The elimination of proof of vaccination before participating in non-essential, discretionary events and activities in Nova Scotia is just the first step towards dropping all COVID-19 restrictions and guidelines.

Since Monday, proof of vaccination hasn't been required anywhere in the province. On March 21, all restrictions will be gone, as long as the province's current epidemiology stays the same.

This includes the requirement to wear masks.

Following Premier Tim Houston’s February announcement about the removal of restrictions in Nova Scotia, Infectious Disease Expert Dr. Lisa Barrett took to social media to address her concerns.

Barrett said her tweet was not only aimed at the province of Nova Scotia, but Canada as a whole.

"It really does bring into focus what many provinces are doing, which is a change in some of the masking and testing suggestions and what is near the peak of some of our respiratory season, or just in the down swing of the respiratory season when it's not complete, and that was my main concern," explained Barrett.

Barrett goes on to say the virus still carries a great deal of uncertainty, reiterating it is unknown what the case count will be like over the next couple of months.

"Leaving masks on and doing lots of testing seems like a good thing to do at this period of time," Barrett said.

When asked which restriction Barrett is most concerned about being eliminated, she said masking is a big part of containing the spread of the virus.

"We know that masks are very helpful. Many people are very used to them, they're fairly cheap as a way of keeping respiratory viruses under control and we do expect to see some cases going back up. Hopefully not of a completely different variant," she said.

"But until we know more about that, and we're in a respiratory season for other viruses like many people have right now, it doesn't seem to make a ton of sense."

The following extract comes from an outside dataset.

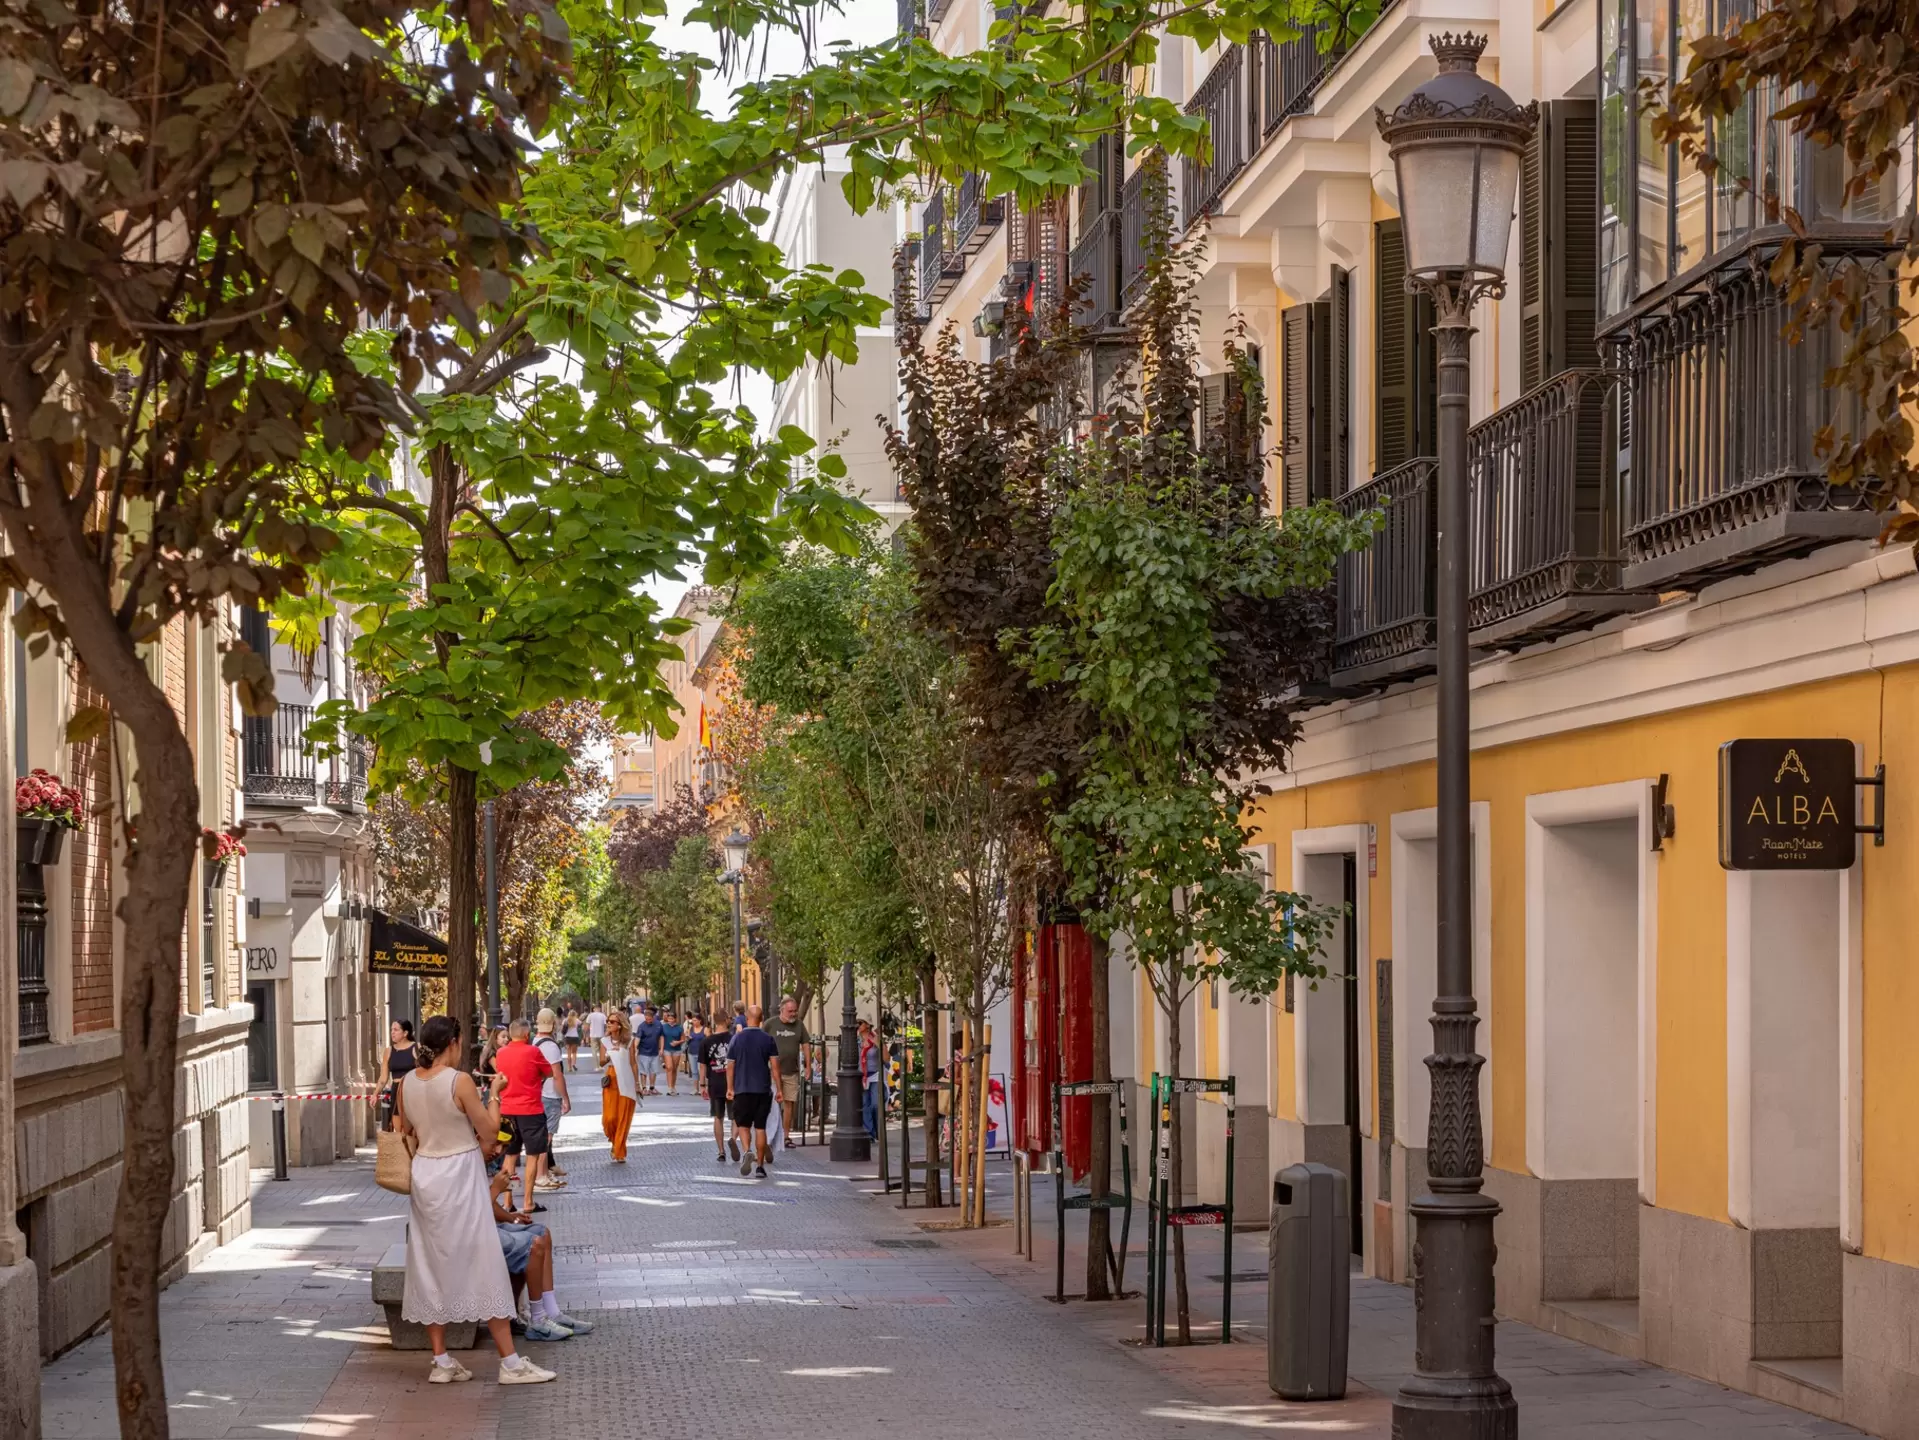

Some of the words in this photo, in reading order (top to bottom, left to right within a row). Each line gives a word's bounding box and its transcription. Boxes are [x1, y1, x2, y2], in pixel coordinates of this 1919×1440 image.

[1747, 796, 1839, 825] ALBA
[1777, 852, 1807, 860] HOTELS
[374, 951, 391, 961] EL
[396, 951, 448, 967] CALDERO

The infectious disease specialist adds hospitals are also still seeing people that are quite ill due to COVID-19.

She says testing and registering positive tests remain important steps, even after restrictions are gone.

"There's lots of testing available out there. People seem to think that they're not supposed to test. Please do, because that's our way of getting early treatment to people," said Barrett. "If you have symptoms, please test, and please register that test if it's a rapid test with the report and support form the government has set up."

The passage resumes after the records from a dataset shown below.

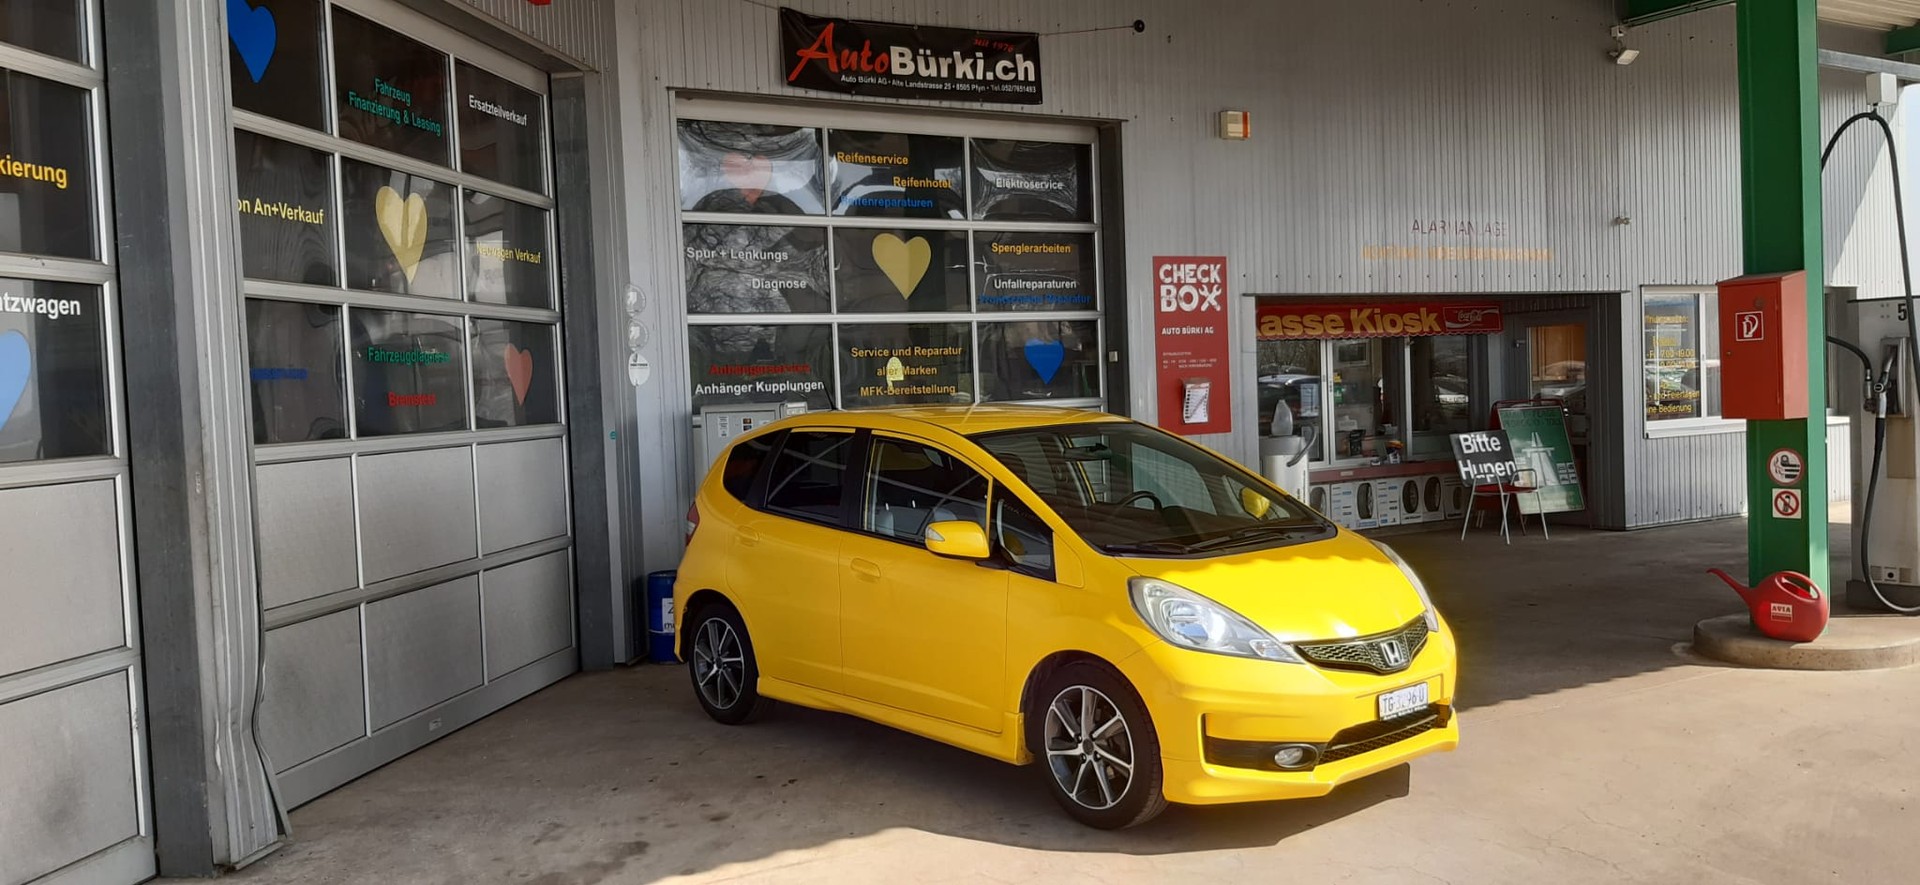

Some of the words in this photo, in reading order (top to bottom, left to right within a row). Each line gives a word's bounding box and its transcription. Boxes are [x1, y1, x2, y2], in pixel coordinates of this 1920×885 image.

[841, 74, 857, 83] Auto
[858, 75, 877, 84] Bürki
[878, 77, 888, 85] AG
[904, 80, 943, 89] Landstrasse
[374, 77, 411, 107] Fahrzeug
[349, 91, 401, 125] Finanzierung
[403, 111, 409, 124] &
[411, 112, 441, 137] Leasing
[468, 94, 527, 127] Ersatzteilverkauf
[836, 151, 909, 165] Reifenservice
[892, 176, 952, 189] Reifenhotel
[995, 177, 1063, 190] Elektroservice
[840, 195, 933, 209] Reifenreparaturen
[254, 198, 324, 225] An+Verkauf
[1411, 219, 1508, 237] ALARMANAGE
[476, 240, 514, 262] Neuwagen
[514, 248, 541, 264] Verkauf
[686, 246, 716, 261] Spur
[720, 250, 727, 258] +
[730, 249, 789, 263] Lenkungs
[991, 242, 1071, 255] Spenglerarbeiten
[1159, 263, 1221, 284] CHECK
[752, 278, 807, 292] Diagnose
[994, 279, 1077, 291] Unfallreparaturen
[1160, 284, 1222, 312] BOX
[1897, 303, 1908, 321] 5
[1161, 327, 1181, 335] AUTO
[1181, 325, 1203, 335] BÜRKI
[1204, 326, 1214, 334] AG
[1257, 311, 1345, 336] asse
[1350, 307, 1441, 334] Kiosk
[367, 346, 451, 366] Fahrzeugdiagnose
[851, 347, 889, 358] Service
[892, 346, 911, 356] und
[914, 346, 962, 358] Reparatur
[902, 365, 937, 375] Marken
[695, 382, 753, 396] Anhänger
[755, 380, 825, 394] Kupplungen
[860, 384, 956, 397] MFK-Bereitstellung
[1459, 433, 1502, 454] Bitte
[1458, 459, 1517, 483] Hupen

"If we don't know that you're positive and vulnerable people don't know they're positive, we can't get to them with treatment."

Even with just over 85 per cent of Nova Scotians fully vaccinated with two doses of COVID-19 vaccine, Barrett says masking, testing, a bit of distancing and "common sense" are still very important factors.

"The reason is, vaccines don't completely prevent transmission, they reduce it," explained Barrett. "But with Omicron, and especially if you're beyond three months of your third shot – and you need the third shot for transmission to be significantly reduced – you could still be around folks who have Omicron, and/or other COVID viruses, and still transmit."

"So, just to be clear, having had COVID, and having had two or three doses of vaccine, doesn't completely reduce your ability to transmit to others."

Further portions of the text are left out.